BEGIN

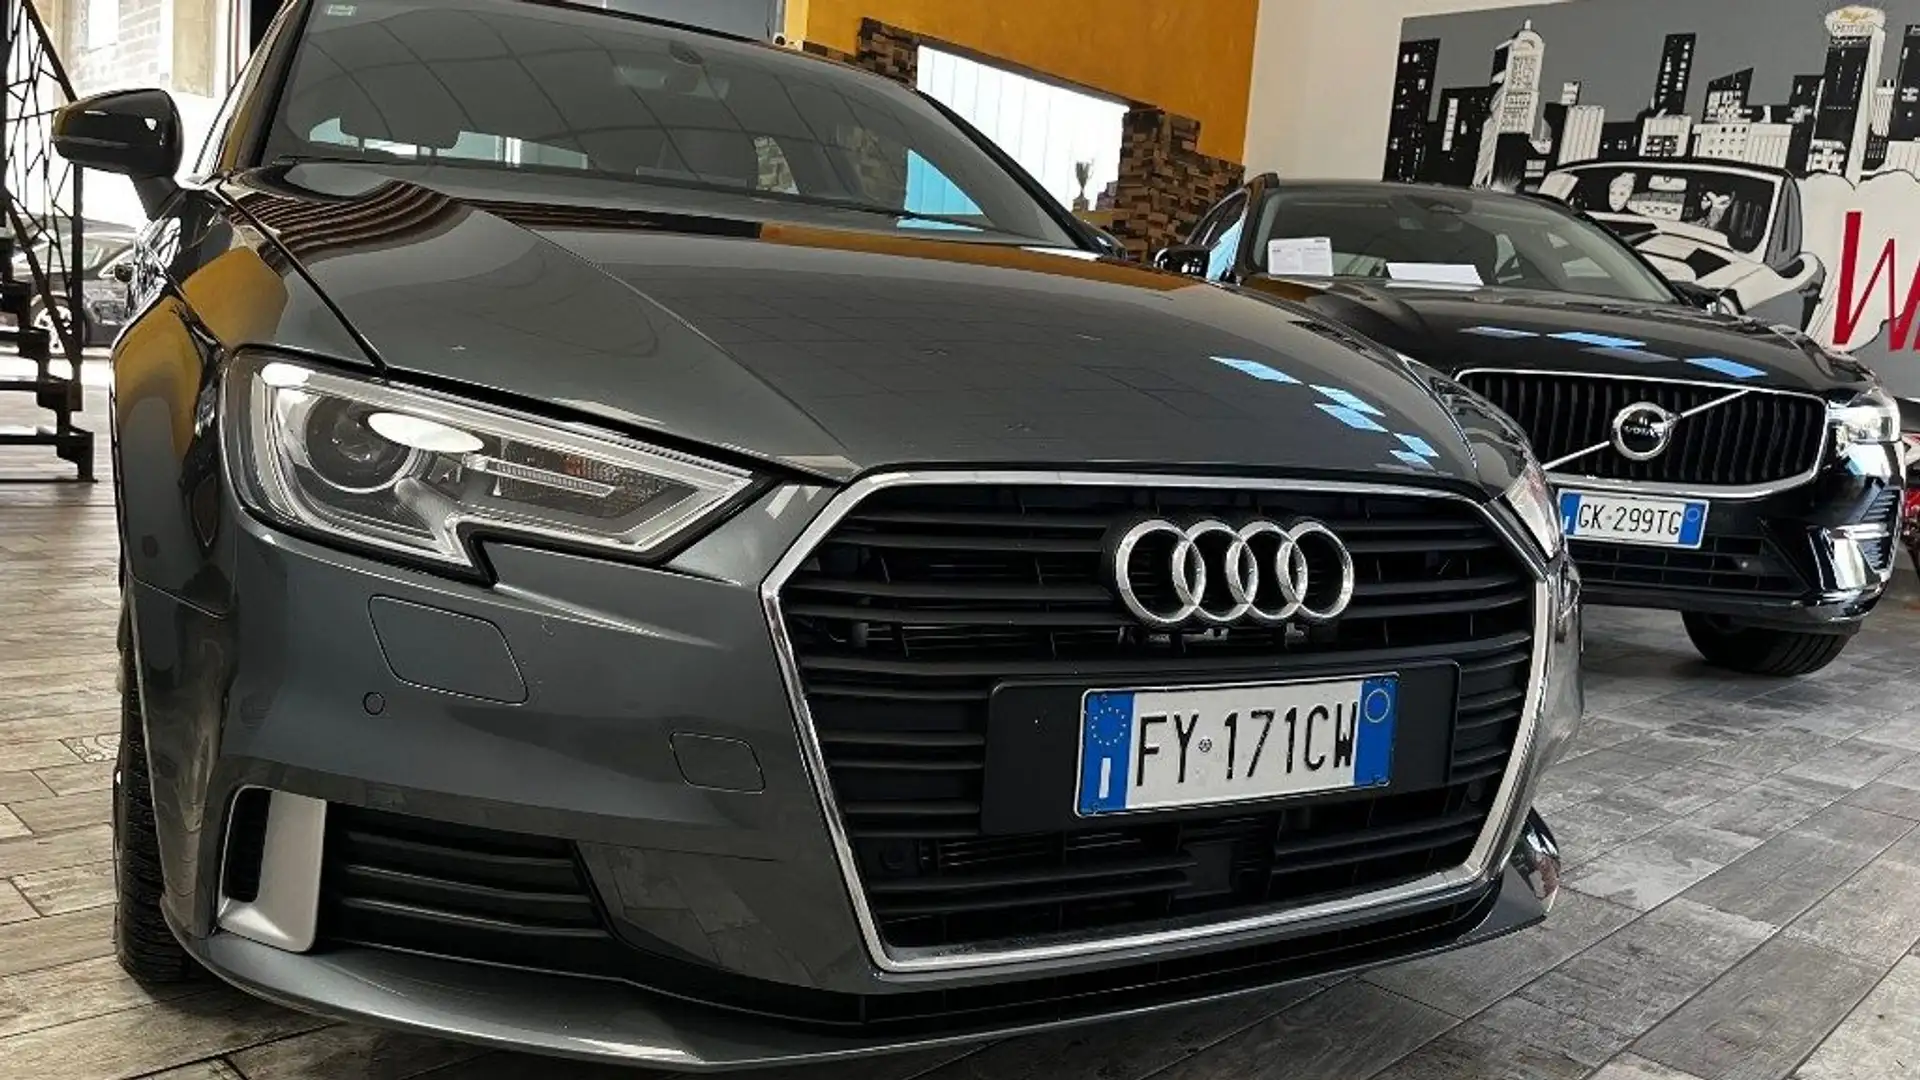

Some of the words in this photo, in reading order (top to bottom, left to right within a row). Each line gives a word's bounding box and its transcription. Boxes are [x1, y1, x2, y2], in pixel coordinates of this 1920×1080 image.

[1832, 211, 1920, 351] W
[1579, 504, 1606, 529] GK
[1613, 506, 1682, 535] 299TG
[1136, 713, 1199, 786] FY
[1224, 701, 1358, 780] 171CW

END

Required work: Print the records above exactly, minus pictures.

Reply to the task:
Some of the words in this photo, in reading order (top to bottom, left to right within a row). Each line gives a word's bounding box and its transcription. Boxes are [x1, y1, x2, y2], in pixel coordinates of this 1920×1080 image.

[1832, 211, 1920, 351] W
[1579, 504, 1606, 529] GK
[1613, 506, 1682, 535] 299TG
[1136, 713, 1199, 786] FY
[1224, 701, 1358, 780] 171CW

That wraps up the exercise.